Defendant demurred on the ground chiefly "that it appears from the complaint that each of the paper-writings in controversy was a negotiable instrument, and the same was materially altered without the assent of the defendant, and plaintiff is not seeking to enforce payment thereof according to its original tenor."

There was judgment sustaining the demurrer, and plaintiff excepted and appealed.

A. D. Christian and Clarkson, Taliaferro Clarkson for plaintiff. Teague Dees and R. N. Simms for defendant.


CLARK, C. J., dissenting.


It is the accepted position "that for the purpose of presenting the legal questions involved, a demurrer is construed as admitting relevant facts, well pleaded, and ordinarily relevant inferences of fact, readily deducible therefrom, but the principle does not extend to admitting conclusions or inferences of law," etc. Board of Health v. Comrs., 173 N.C. 250-253, citing Pritchard v. Comrs., 126 N.C. 908913; Hopper v. Covington, 118 U.S. 148-151; Equitable Assurance v. Brown, 213 U.S. 25, and other cases.

While there are general averments of negligence and proximate cause imputing liability to the defendant bank, a perusal of the complaint will disclose that in so far as they contain or purport to contain (468) allegations of the pertinent facts, the plaintiff rests and intends to rest his right to recover on the basic proposition that the defendant issued to one N. L. Massey, as payee, four New York checks for small amounts, $2, $6, $2, and $3, payable to one N. L. Massey, without using therefor the sensitized or safety paper, and without using the protectograph, an implement whereby the letters showing the amount of the checks are punctured into the paper and otherwise protected from alteration, and for lack of which the said checks, without the knowledge of plaintiff or defendant, were raised by said Massey, payee, respectively to $9,018.12, $14,084.70, $9,000, and $12,903, and negotiated with or through plaintiff bank, receiving therefor from plaintiff at or near the amount called for in the raised or altered condition, and the suit is instituted to recover the amounts so paid from defendant.

In this connection, and with other averments, the complaint alleges further that these checks for the smaller amounts were executed on the ordinary paper of the bank, with lithograph forms. The spaces are filled out by writing in ink, signed by the president of defendant bank, and delivered to the payee as completed instruments. And on these the controlling facts in the transaction, the great weight of well considered authority on the subject is against the liability which plaintiff now seeks to enforce. National Exchange Bank v. William Lester, 194 N.Y. 461; Greenfield Savings Bank v. Stowell, 123 Mass. 196; Burrows v. Klunk, 70 Md. 451; Holmes v. Trumper, 22 Mich. 427; Knoxville Bank v. Clark, 51 Iowa 264; Lanier v. Clark (Texas Civil Appeals), 133 Southwestern 1093; Bank v. Wangerin, 65 Kan. 423; Fordyce v. Kosminski, 49 Arkansas 40; Goodman v. Eastman, 4 N.H. 455; Bothell v. Schweitzer, 84 Nebraska 271; Walsh v. Hunt, 120 Cal. 46; Simmons v. Atkinson Lampton, 69 Miss. 862; Exchange Bank v. Bank of Little Rock, 58 F. 140; Commercial Bank v. Arden, 177 Ky. 520; 1st Randolph on Commercial Paper, sec. 187; 1 R.C.L., title Alteration of Instruments, secs. 69 and 70.
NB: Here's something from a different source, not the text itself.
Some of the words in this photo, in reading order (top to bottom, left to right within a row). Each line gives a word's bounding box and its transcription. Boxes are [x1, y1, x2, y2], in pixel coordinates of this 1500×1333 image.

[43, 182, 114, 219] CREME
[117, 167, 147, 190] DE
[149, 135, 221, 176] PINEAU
In the New York case just cited (Bank of Albany v. Lester), it was held: "Where negotiable paper has been executed with the amount blank, it is no defense against a bona fide holder for value for the maker to show that his authority has been exceeded in filling such blank, and a greater amount written than was intended. But if the instrument was complete without blanks at the time of its delivery, the fraudulent increase of the amount, by taking advantage of a space left without such intention, will constitute a material alteration. In the latter case, under section 205 of the Negotiable Instrument Law (C.S. 3106), payment thereof may be enforced according to its original tenor. Second, an indorser of a promissory note, the amount of which has been fraudulently raised after indorsement by means of a forgery, is not liable upon the instrument in the hands of a bona fide holder for (469) the increased amount, because of negligence in indorsing same when there were spaces thereon which rendered the forgery easy, though the note was complete in form. No liability on the part of the indorser for the amount of such a note as raised can be predicated simply upon the fact that such spaces existed thereon."
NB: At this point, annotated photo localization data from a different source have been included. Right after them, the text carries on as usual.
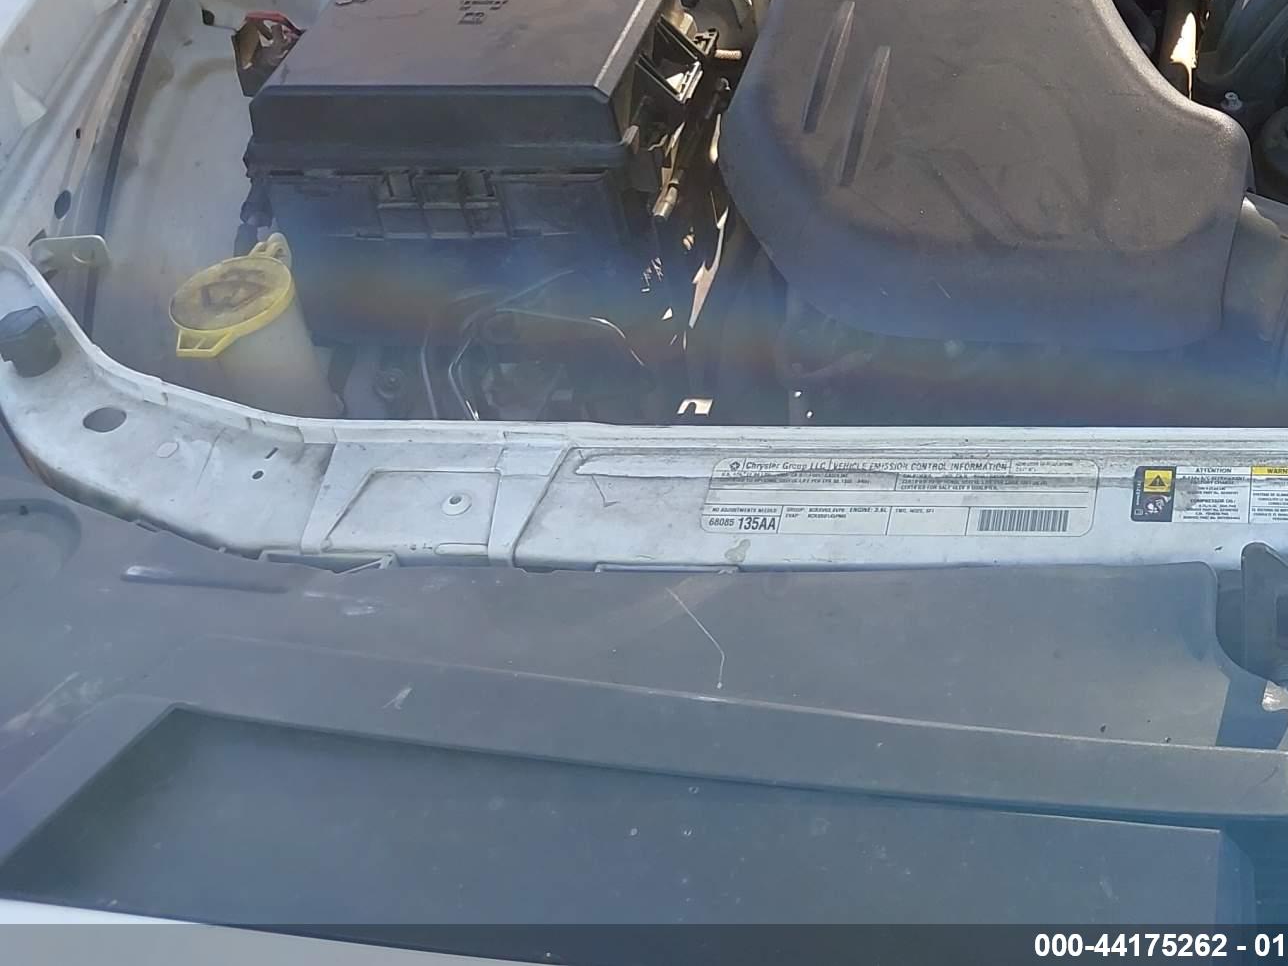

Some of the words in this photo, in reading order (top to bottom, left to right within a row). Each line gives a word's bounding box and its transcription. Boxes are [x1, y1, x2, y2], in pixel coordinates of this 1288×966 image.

[746, 461, 780, 471] Chrysler
[782, 462, 808, 471] Group
[810, 462, 826, 471] LLC
[833, 462, 868, 471] VEHICLE
[870, 462, 908, 471] EMISSION
[910, 462, 945, 471] CONTROL
[950, 462, 1007, 471] INFORMATION
[708, 517, 735, 526] 68085
[738, 517, 776, 531] 135AA
That was a case in which it was sought to hold the indorser liable, but Judge Willard Bartlett, delivering the opinion, refers with approval to a number of the leading cases in which it was sought to hold the maker liable and in which the proposition was rejected, and in closing the opinion makes comment on the general question of liability as follows: "On what theory is the indorser negligent because he places his name on paper without first seeing to it that these spaces are so occupied by cross lines or otherwise as to render forgery less feasible? It can only be on the theory that he is bound to assume that those to whom he delivers the paper or into whose hands it may come, will be likely to commit a crime if it is comparatively easy to do so. I deny that there is any such presumption in the law. It would be a stigma and a reflection upon the character of the mercantile community, and constitute an intolerable reproach of which they might well complain as without justification in practical experience or the conduct of business. That there are miscreants who will forge commercial paper by raising the amount originally stated in the instrument is too true, and is evidenced by the cases in the law reports to which we have had occasion to refer; but that such misconduct is the rule, or is so general as to justify the presumption that it is to be expected, and that business men must govern themselves accordingly, has never yet been asserted in this state, and I am not willing to sanction any such proposition, either directly or by implication. On the contrary, the presumption is that men will do right rather than wrong. As was said by Judge Cullen, in Critten v. Chemical National Bank ( 171 N.Y. 224), it is not the law that the drawer of a check is bound so to prepare it that nobody else can successfully tamper with it. Neither is it the law that the indorser of a promissory note, complete on its face, may be made liable for the consequences of a forgery thereof, simply because there were spaces thereon which rendered the forgery easier than would otherwise have been the case."

In Savings Bank v. Stowell, supra, the question as to the liability of one of the makers of a negotiable instrument fraudulently altered without his knowledge and after the delivery in complete form, was examined and dealt with in an elaborate opinion by Chief Justice Gray, and the conclusion reached, "That the alteration of a promissory note by one of several makers, not assented to by the others, and by which the amount is increased by inserting words or figures in a blank (470) space left in the printed form on which it is written, avoids the note as to the other makers, even in the hands of a bona fide holder for value."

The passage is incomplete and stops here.